I am told I am attractive and don’t look my age. Living my life in limbo not knowing if I should leave or just continue existing for the rest of my life this way. I know divorce is costly etc but financially could manage somehow. I had a short term online emotional affair but ended it as I know it is wrong for so many reasons.

I think that if I leave I have hope of finding happiness but could end up alone.

Any opinions would be appreciated.


----------



## EleGirl (Dec 3, 2011)

It would help to know some other things about you and your situation. For example, have you been a SAHM (stay at home mom) all these years? Or do you have a job/career?

Did you get any education beyond high school?

Why don't you have many/any friends? Do you have things that you enjoy doing? Do you have hobbies? What do you do with your time?


----------



## Lordemelo16 (Jan 3, 2018)

EleGirl

Yes have post high school accountancy studies. Have worked until recently when casual contract ended but have not looked for work since as we are financially secure, plus not easy to land jobs at my age. 

I spent many years working since children were young, weekends were mostly dedicated to children and managing the house. Part of the reason why I did not form friendships. Before marriage lived with parents ( they immigrated from Europe after they married ) and basically i didn’t socialize outside the parents small circle of friends. They were strict and old fashioned. I married the first man I went out with... other guys had asked me out but my parents didn’t allow me to date until I finished my studies.

I do have hobbies but generally solo, like gardening and walking. Have joined club recently doing fitness but most are older people. Most of my age group I find still work.
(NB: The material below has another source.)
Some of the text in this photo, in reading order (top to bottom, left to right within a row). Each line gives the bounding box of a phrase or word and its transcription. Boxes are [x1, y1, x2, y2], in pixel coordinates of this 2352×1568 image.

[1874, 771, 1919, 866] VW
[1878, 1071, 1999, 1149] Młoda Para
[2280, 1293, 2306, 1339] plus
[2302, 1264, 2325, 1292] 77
But I am trying to find a few more activities to keep busy, perhaps even volunteer. I get impression that by 50’s most people already have best friends and it is not easy to get included.

I understand that I should not rely on someone else for my happiness. My gut feeling before marriage was “no” but being an unassertive person didn’t follow my heart, but what others wanted......and that eats away at me.


----------



## Laurentium (May 21, 2017)

Does he know you are unhappy?


----------



## Lordemelo16 (Jan 3, 2018)

Laurentium

Laurentium : I’ve mentioned many times we are different, and not compatible. He is a person that rarely shows emotion, which I guess is good in a way because I know many have a violent temper. He has a serious nature. 
He doesn’t get angry when I say that but never have told him I am unhappy. We have been together a long time and it’s hard to make people change their personality.


----------



## farsidejunky (Mar 19, 2014)

Lordemelo16 said:


> Laurentium
> 
> Laurentium : I’ve mentioned many times we are different, and not compatible. He is a person that rarely shows emotion, which I guess is good in a way because I know many have a violent temper. He has a serious nature.
> He doesn’t get angry when I say that but never have told him I am unhappy. We have been together a long time and it’s hard to make people change their personality.
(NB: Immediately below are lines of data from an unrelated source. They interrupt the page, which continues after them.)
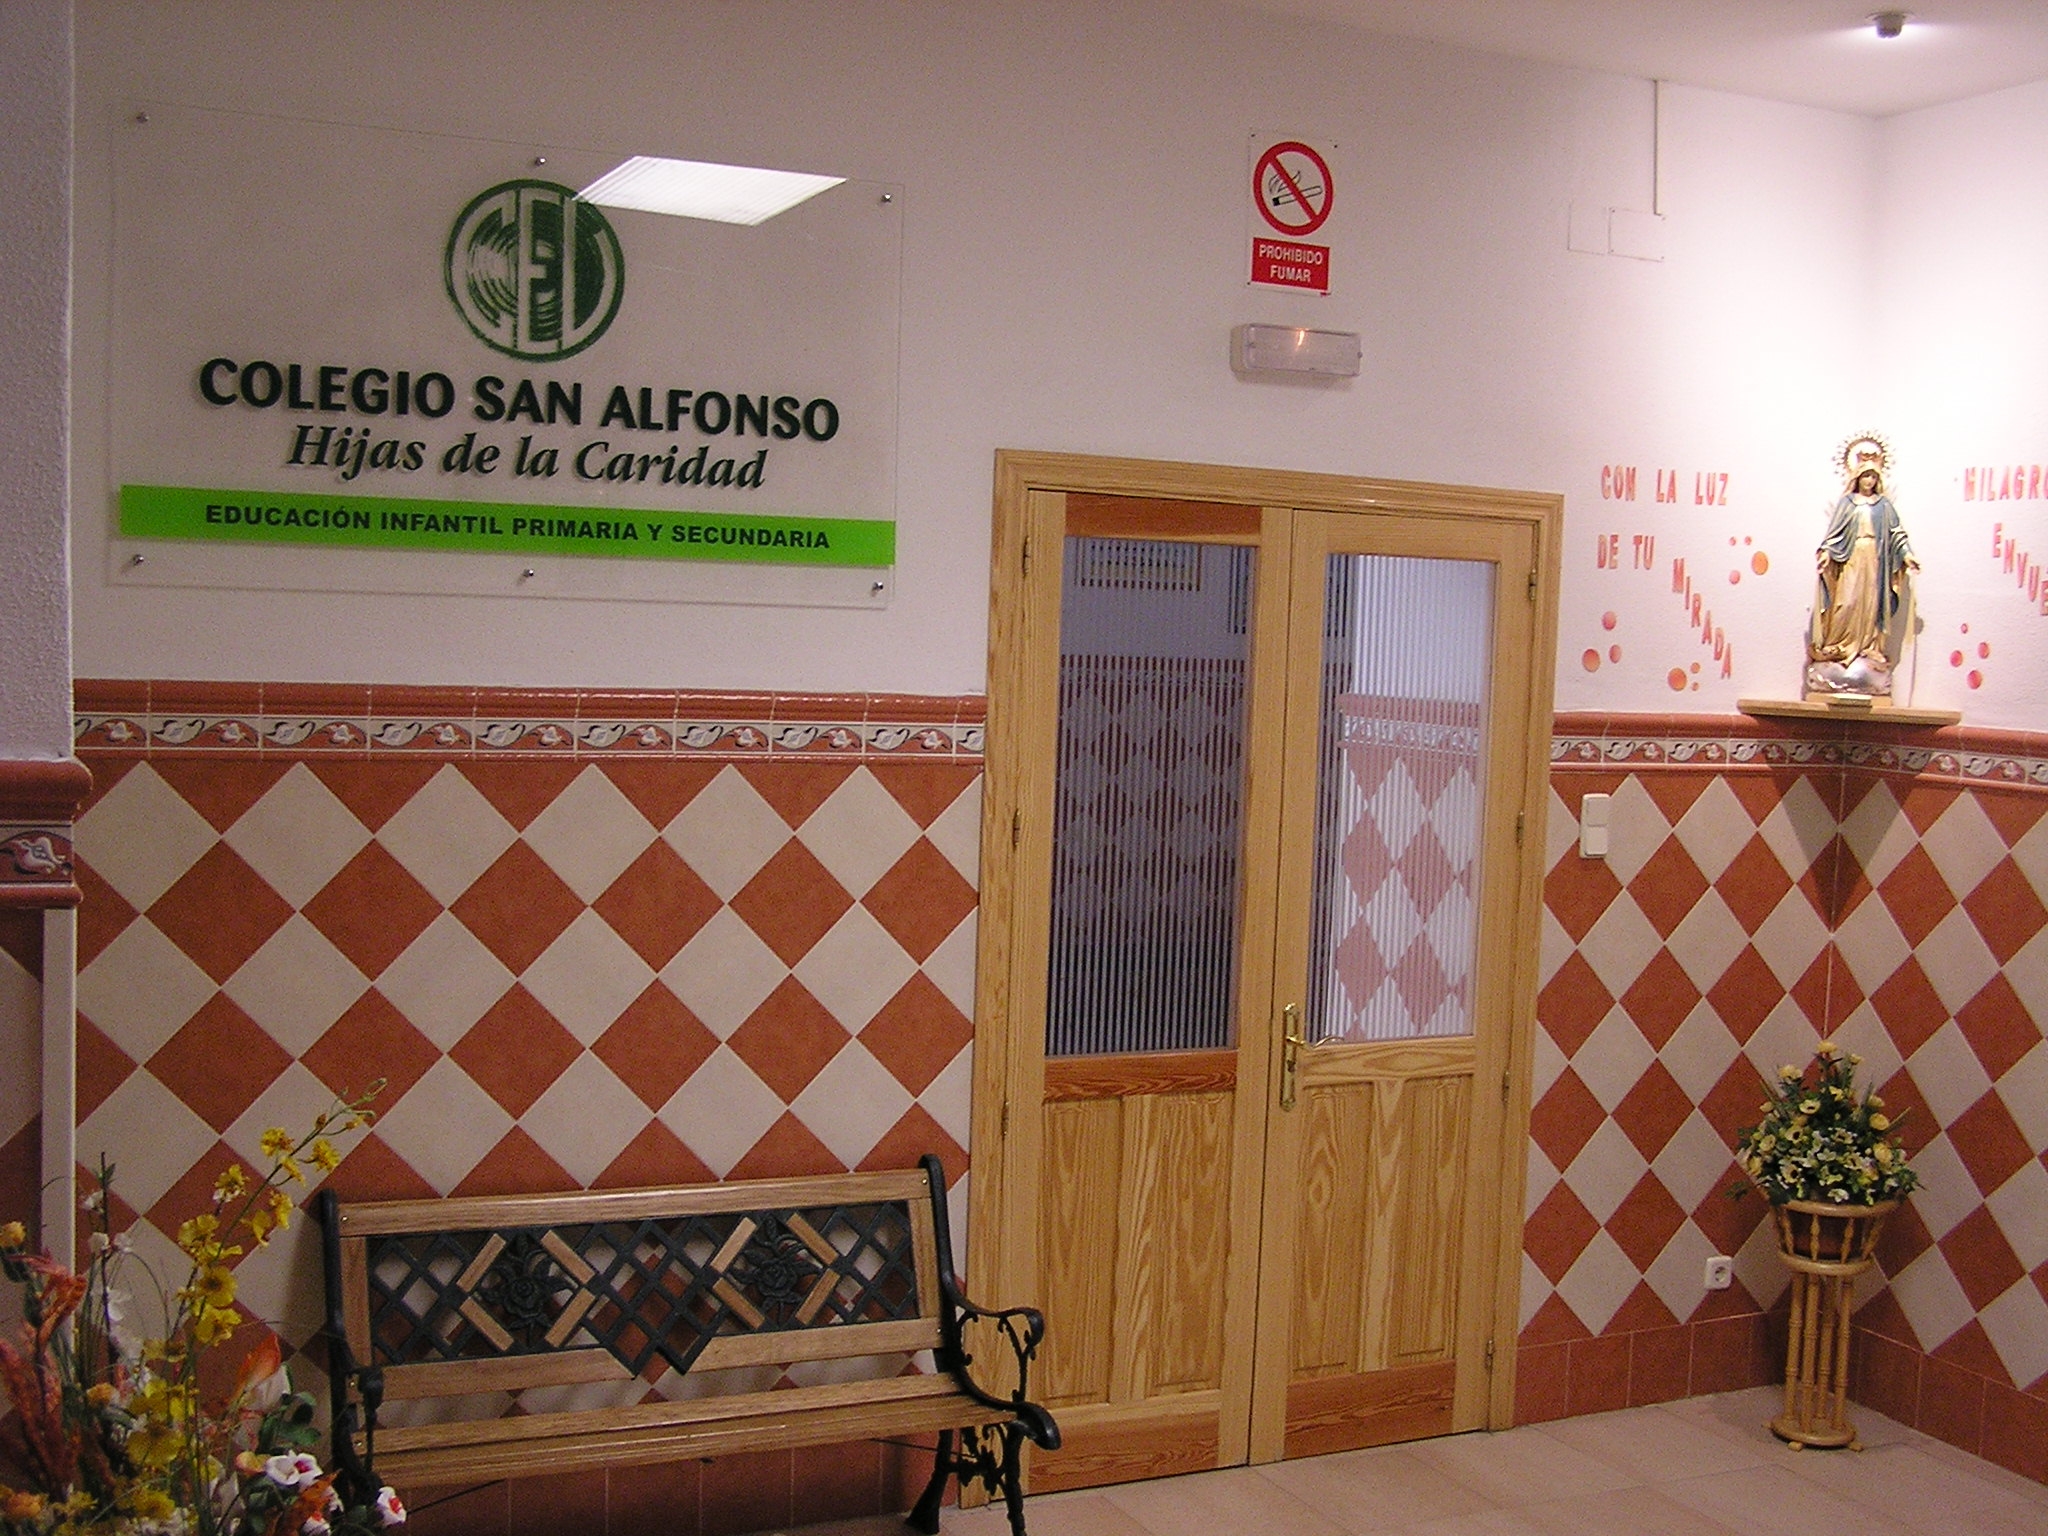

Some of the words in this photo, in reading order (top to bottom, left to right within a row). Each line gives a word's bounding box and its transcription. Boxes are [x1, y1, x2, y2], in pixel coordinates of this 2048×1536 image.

[1259, 244, 1323, 265] PROHIBIDO
[1270, 264, 1312, 282] FUMAR
[199, 357, 455, 418] COLEGIO
[474, 375, 582, 426] SAN
[600, 384, 840, 442] ALFONSO
[287, 424, 427, 481] Hijas
[442, 431, 501, 475] de
[514, 435, 560, 478] la
[575, 441, 769, 489] Caridad
[1601, 465, 1636, 501] CON
[1656, 469, 1677, 504] LA
[1695, 472, 1728, 506] LUZ
[206, 505, 370, 529] EDUCACIÓN
[381, 512, 503, 535] INFANTIL
[512, 518, 639, 541] PRIMARIA
[647, 523, 663, 541] Y
[671, 525, 831, 549] SECUNDARIA
[1597, 534, 1619, 569] DE
[1633, 535, 1655, 570] TU
[1672, 558, 1732, 680] MIRADA
So in other words, you're not even going to give him the opportunity to address the problem by actually communicating how unhappy you are.


----------



## username77 (Dec 27, 2017)

Lordemelo16 said:


> Fast forward, 2 kids are grown and left home. My husband and I do not have much in common . I know this sounds shalllow but he is 8 years my senior and quite old for his age. I am more outgoing and used to love dancing before I married him. He was never a dancer, nor interested plus shorter than me so we look odd together.


Him and probably 98% of all straight men... You can't dance with your girlfriends every now and again or take a class? Why can't dancing just be a hobby you do?
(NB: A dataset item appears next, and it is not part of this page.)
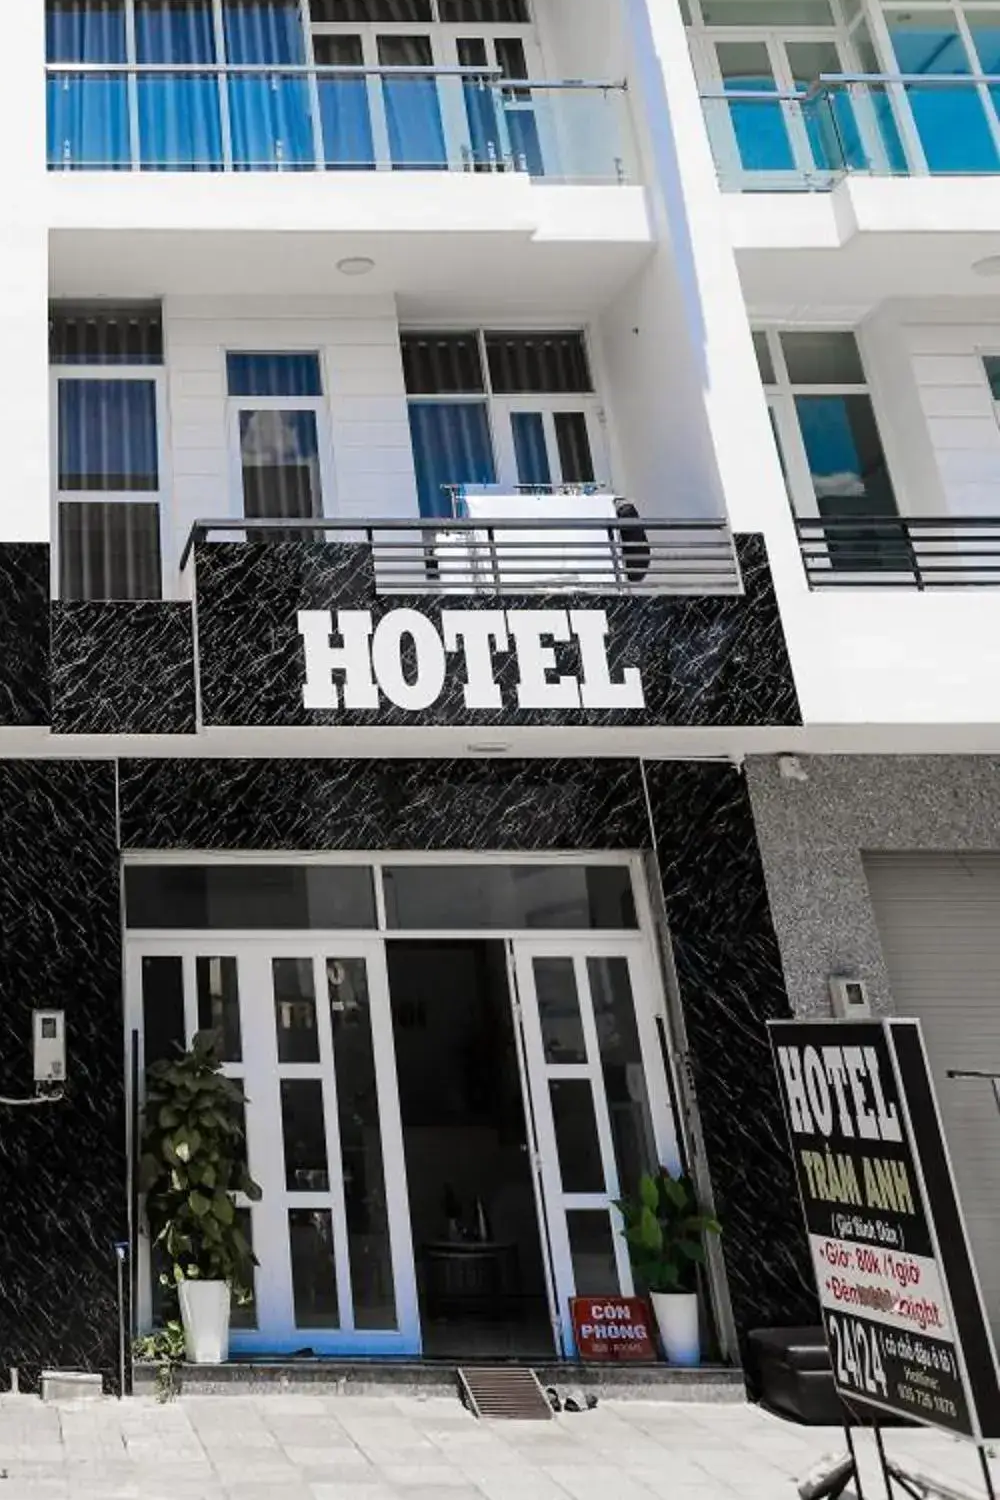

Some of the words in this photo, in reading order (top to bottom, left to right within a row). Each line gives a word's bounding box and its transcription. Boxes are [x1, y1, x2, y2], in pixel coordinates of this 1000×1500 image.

It's OK to not share hobbies and interests. This sounds to me like you've let yourself become complacent, gave up hobbies and interests of your own and are projecting that onto your husband.



Lordemelo16 said:


> I have a few acquaintances but no best friends to confide in and feel lonely.


Again this isn't your husbands issue. Not having friends is your problem.



Lordemelo16 said:


> I don’t love, or perhaps never did love him like a wife should.It has been more of a case of not having courage to leave, feel bad for him, guilt if I leave.


How ever would he have lived without the fake love of a woman who doesn't like him </sarcasm>. You really did him a lot of favors by wasting his entire life.



Lordemelo16 said:


> I am told I am attractive and don’t look my age. Living my life in limbo not knowing if I should leave or just continue existing for the rest of my life this way.


Just leave, the grass is always greener, and you've wasted enough of the guys life. Maybe he can find an honest and sincere woman to share the rest of his life with. You're not doing him any favors.


----------



## GuyInColorado (Dec 26, 2015)

Were you two in love the last 35 years? How often were you being intimate (sex)?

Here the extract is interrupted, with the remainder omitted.